Yo soy una persona de izquierda. Creo que los ideales de buscar una sociedad donde haya más justicia social, donde el Estado invierta y tenga un compromiso con una educación pública de calidad, con una sanidad pública de calidad, son los lineamientos básicos de la izquierda, son lineamientos que hacen que me siga sintiendo a la izquierda pero que también hacen que abomine a los radicales, que en un país como el nuestro, que tiene tantas fracturas, dinamiten las posibilidades de comunicación, de diálogo, de construcción y de compromiso entre todos.
Hay la idea de que la izquierda no se puede poner nunca de acuerdo.
Yo creo que eso es parte de la izquierda. Y definitivamente yo no estoy por la unidad de ninguna izquierda, porque yo no me voy a unir con unos delincuentes de izquierda corruptos, por el hecho de que enarbolen un discurso de pueblo, de boca para afuera, pero que en la práctica son tan clientelistas como cualquier otro sector de la población. Entonces, esto de la unidad me parece algo similar a esas nostalgias familiares que dicen que tenemos que estar unidos. Pero en la familia a veces puede haber gente con la que tú no tienes nada que ver, no sé, puede ser un corrupto, un abusivo, un maltratador, y por más que sea tu familia no hay por qué aguantar, allí se corta.
En el 2006 postuló al Congreso, ¿qué tal fue esa experiencia?
Fue una experiencia tremenda, por la cual ya he cumplido. Dije: “Me comprometo, me implico y me lanzó a la política”. Pero creo que no volvería porque hay que tener mucho hígado. A veces la política se hace tan siniestra y sucia que mucha gente comprometida se ahuyenta porque se horroriza por cómo se llevan y se construyen las candidaturas. Yo ya lo intenté, era con la lista de Javier Diez Canseco, y no creo que vuelva.
Usted es montañista, ¿es solo una cuestión de deporte o hay una cosa más íntima?
A mí me encanta la naturaleza y como vivo en Cusco, ir a caminar por el campo, subir montañas, me pone en mi sitio, me centra, me encanta la contemplación de la belleza, el silencio, desconectar de todo y el asombro que producen el paisaje o la naturaleza.
Hace unas semanas cuando recibió un homenaje en el Encuentro de Narradoras Peruanas le declaró a El Comercio lo siguiente: “Con todo el respeto que merecen las grandes y los grandes poetas, la idea de que una mujer siempre escriba del amor y lo bonito que es la flor y la luna es un prejuicio bien fuerte”, ¿qué se puede hacer para vencer este estereotipo?

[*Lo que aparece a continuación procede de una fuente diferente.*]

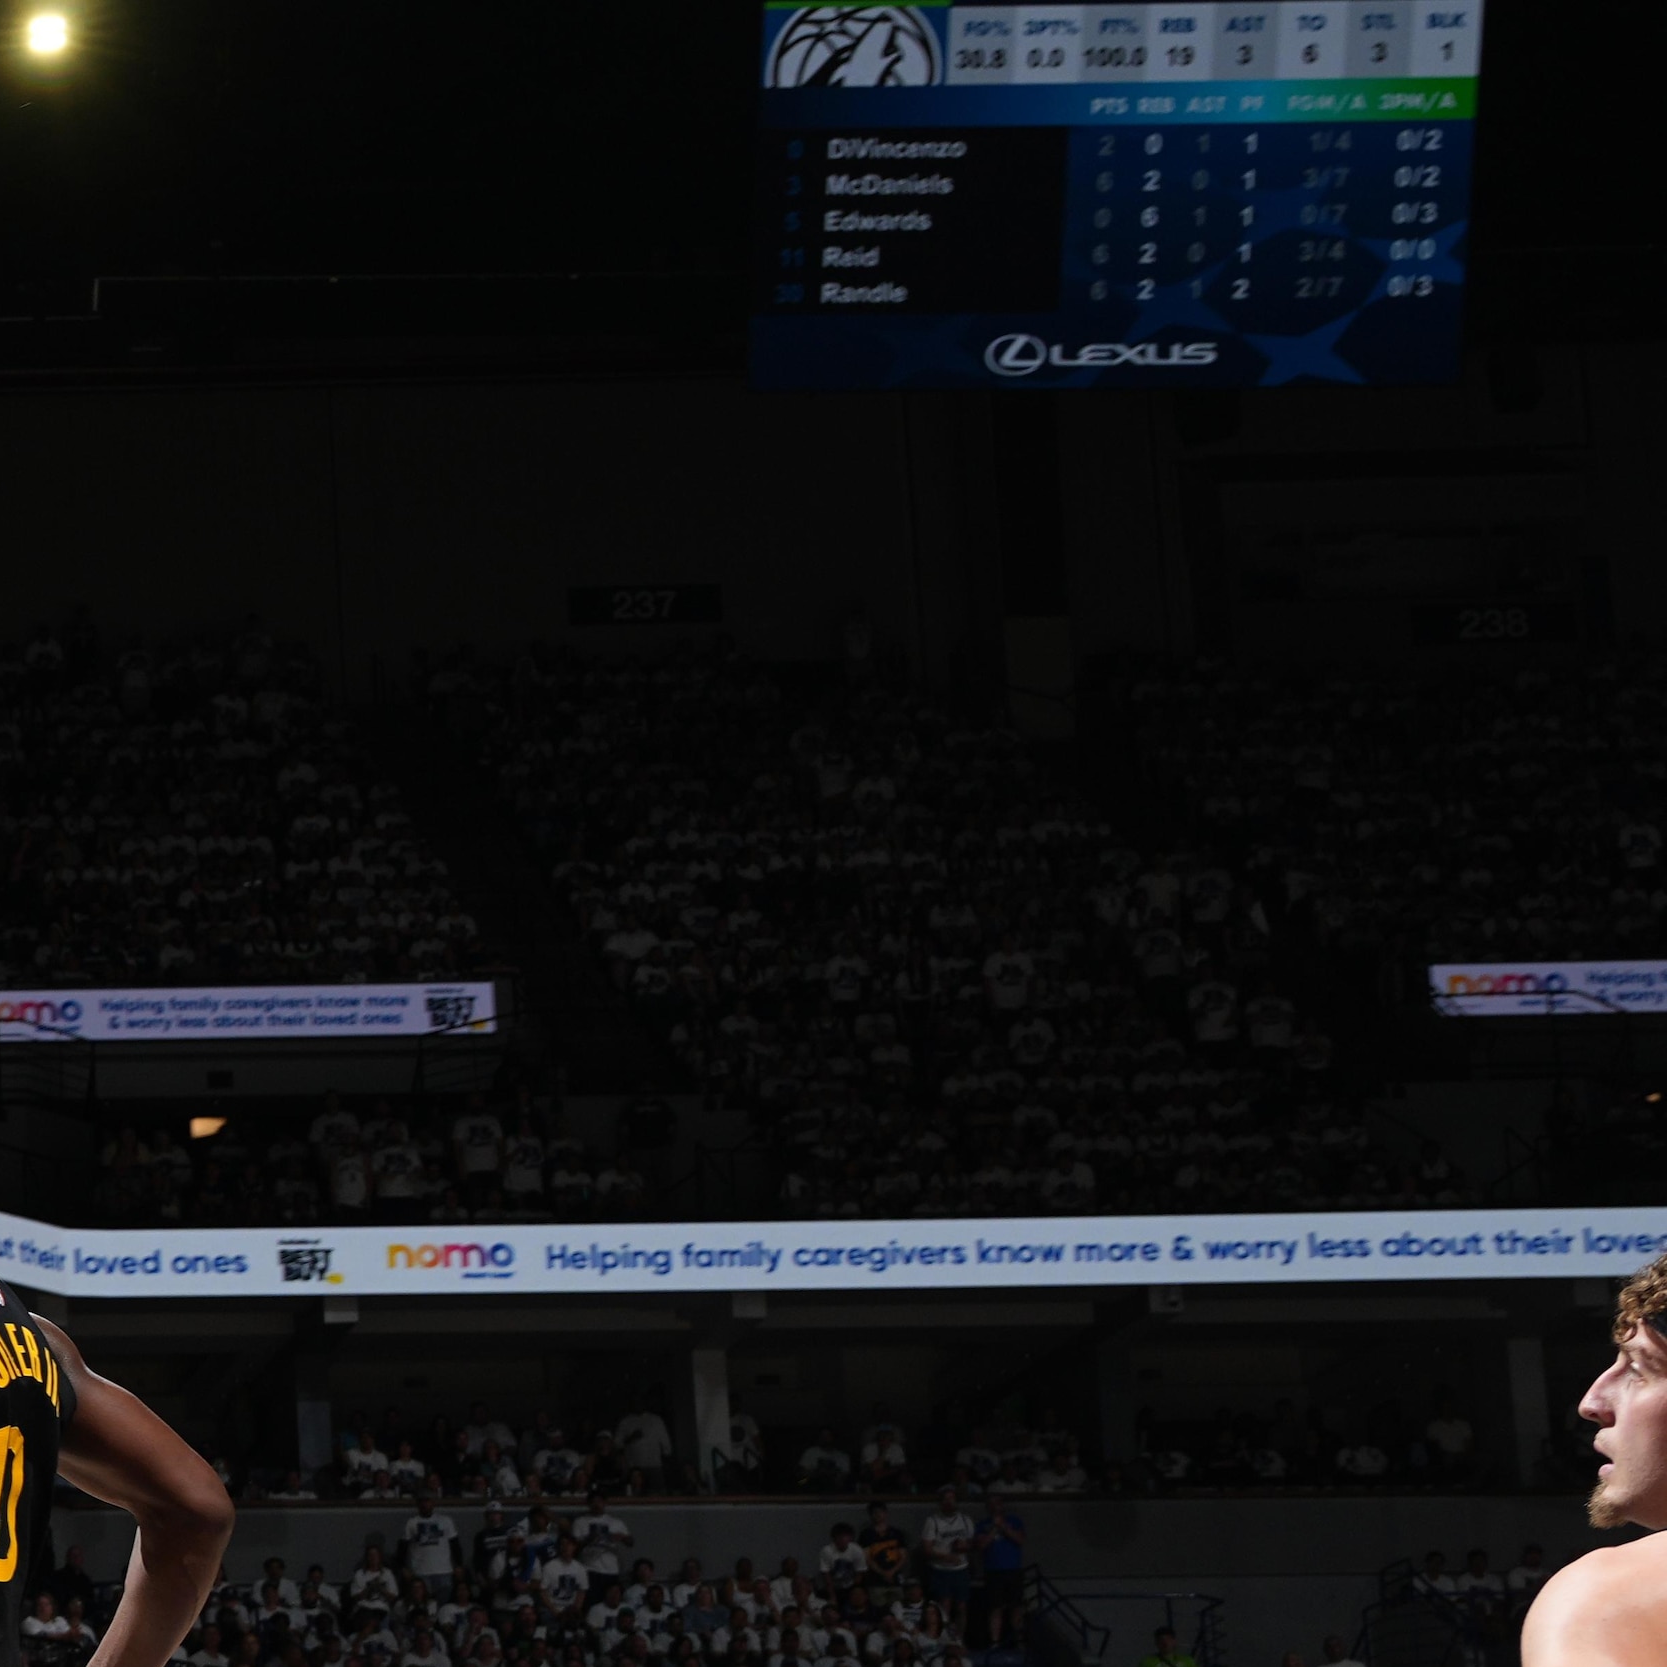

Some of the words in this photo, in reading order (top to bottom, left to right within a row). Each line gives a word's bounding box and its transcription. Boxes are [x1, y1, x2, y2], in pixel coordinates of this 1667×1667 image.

Yo creo que hay que recordar que hay mujeres haciendo grandes trabajos en múltiples ámbitos, no solo ahora sino antes. Hay grandes politólogas, hay grandes médicos, hay grandes biólogas, hay astronautas, hay arqueólogas. Y en la literatura las mujeres escribimos de todo, podemos escribir con mayor a menor calidad, mejor o peor, pero escribimos de todo. Entonces, cuando se estereotipa de que la mujer escribe sobre literatura romántica o del amor, se pretende encasillarnos en el ámbito de lo doméstico, de lo ligero o lo fácil. A mí eso me molesta, porque yo escribo mucho sobre violencia política, sobre temas de memoria histórica, he escrito alguna vez sobre narcotráfico, en una de mis novelas, y tengo amigas que escriben literatura fantástica, otras que escriben desde un intimismo radical y muchas otras escriben de lo político.